** Material provided **

-------

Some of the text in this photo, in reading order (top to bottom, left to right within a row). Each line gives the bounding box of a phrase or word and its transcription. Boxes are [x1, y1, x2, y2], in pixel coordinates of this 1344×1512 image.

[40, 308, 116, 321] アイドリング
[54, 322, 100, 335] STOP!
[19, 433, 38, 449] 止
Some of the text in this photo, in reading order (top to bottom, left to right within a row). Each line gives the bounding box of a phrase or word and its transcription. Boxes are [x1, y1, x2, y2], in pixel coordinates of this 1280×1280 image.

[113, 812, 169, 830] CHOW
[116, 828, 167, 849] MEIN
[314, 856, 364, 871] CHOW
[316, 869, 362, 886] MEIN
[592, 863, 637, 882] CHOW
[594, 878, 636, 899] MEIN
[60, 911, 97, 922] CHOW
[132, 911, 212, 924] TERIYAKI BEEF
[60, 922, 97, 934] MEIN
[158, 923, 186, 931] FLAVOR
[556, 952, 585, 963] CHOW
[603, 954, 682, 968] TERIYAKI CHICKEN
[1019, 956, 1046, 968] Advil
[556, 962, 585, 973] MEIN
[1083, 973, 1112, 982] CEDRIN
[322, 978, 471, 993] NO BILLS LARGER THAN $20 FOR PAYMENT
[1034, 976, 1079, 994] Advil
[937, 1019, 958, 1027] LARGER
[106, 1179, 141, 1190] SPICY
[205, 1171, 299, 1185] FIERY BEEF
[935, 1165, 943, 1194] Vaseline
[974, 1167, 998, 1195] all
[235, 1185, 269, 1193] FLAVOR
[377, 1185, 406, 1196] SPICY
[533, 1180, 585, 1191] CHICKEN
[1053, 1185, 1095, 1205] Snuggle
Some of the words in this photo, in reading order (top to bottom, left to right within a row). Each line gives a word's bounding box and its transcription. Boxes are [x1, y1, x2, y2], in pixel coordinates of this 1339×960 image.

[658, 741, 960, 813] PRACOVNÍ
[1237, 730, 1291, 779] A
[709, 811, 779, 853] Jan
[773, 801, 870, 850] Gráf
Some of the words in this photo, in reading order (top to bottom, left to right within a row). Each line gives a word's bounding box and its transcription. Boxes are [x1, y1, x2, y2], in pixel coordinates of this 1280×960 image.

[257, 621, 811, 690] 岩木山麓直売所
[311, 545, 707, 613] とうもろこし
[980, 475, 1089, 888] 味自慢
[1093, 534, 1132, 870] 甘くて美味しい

-------

** To do **
Only an exact copy of the data above will do.

** Reply to the exercise **
Some of the text in this photo, in reading order (top to bottom, left to right within a row). Each line gives the bounding box of a phrase or word and its transcription. Boxes are [x1, y1, x2, y2], in pixel coordinates of this 1344×1512 image.

[40, 308, 116, 321] アイドリング
[54, 322, 100, 335] STOP!
[19, 433, 38, 449] 止
Some of the text in this photo, in reading order (top to bottom, left to right within a row). Each line gives the bounding box of a phrase or word and its transcription. Boxes are [x1, y1, x2, y2], in pixel coordinates of this 1280×1280 image.

[113, 812, 169, 830] CHOW
[116, 828, 167, 849] MEIN
[314, 856, 364, 871] CHOW
[316, 869, 362, 886] MEIN
[592, 863, 637, 882] CHOW
[594, 878, 636, 899] MEIN
[60, 911, 97, 922] CHOW
[132, 911, 212, 924] TERIYAKI BEEF
[60, 922, 97, 934] MEIN
[158, 923, 186, 931] FLAVOR
[556, 952, 585, 963] CHOW
[603, 954, 682, 968] TERIYAKI CHICKEN
[1019, 956, 1046, 968] Advil
[556, 962, 585, 973] MEIN
[1083, 973, 1112, 982] CEDRIN
[322, 978, 471, 993] NO BILLS LARGER THAN $20 FOR PAYMENT
[1034, 976, 1079, 994] Advil
[937, 1019, 958, 1027] LARGER
[106, 1179, 141, 1190] SPICY
[205, 1171, 299, 1185] FIERY BEEF
[935, 1165, 943, 1194] Vaseline
[974, 1167, 998, 1195] all
[235, 1185, 269, 1193] FLAVOR
[377, 1185, 406, 1196] SPICY
[533, 1180, 585, 1191] CHICKEN
[1053, 1185, 1095, 1205] Snuggle
Some of the words in this photo, in reading order (top to bottom, left to right within a row). Each line gives a word's bounding box and its transcription. Boxes are [x1, y1, x2, y2], in pixel coordinates of this 1339×960 image.

[658, 741, 960, 813] PRACOVNÍ
[1237, 730, 1291, 779] A
[709, 811, 779, 853] Jan
[773, 801, 870, 850] Gráf
Some of the words in this photo, in reading order (top to bottom, left to right within a row). Each line gives a word's bounding box and its transcription. Boxes are [x1, y1, x2, y2], in pixel coordinates of this 1280×960 image.

[257, 621, 811, 690] 岩木山麓直売所
[311, 545, 707, 613] とうもろこし
[980, 475, 1089, 888] 味自慢
[1093, 534, 1132, 870] 甘くて美味しい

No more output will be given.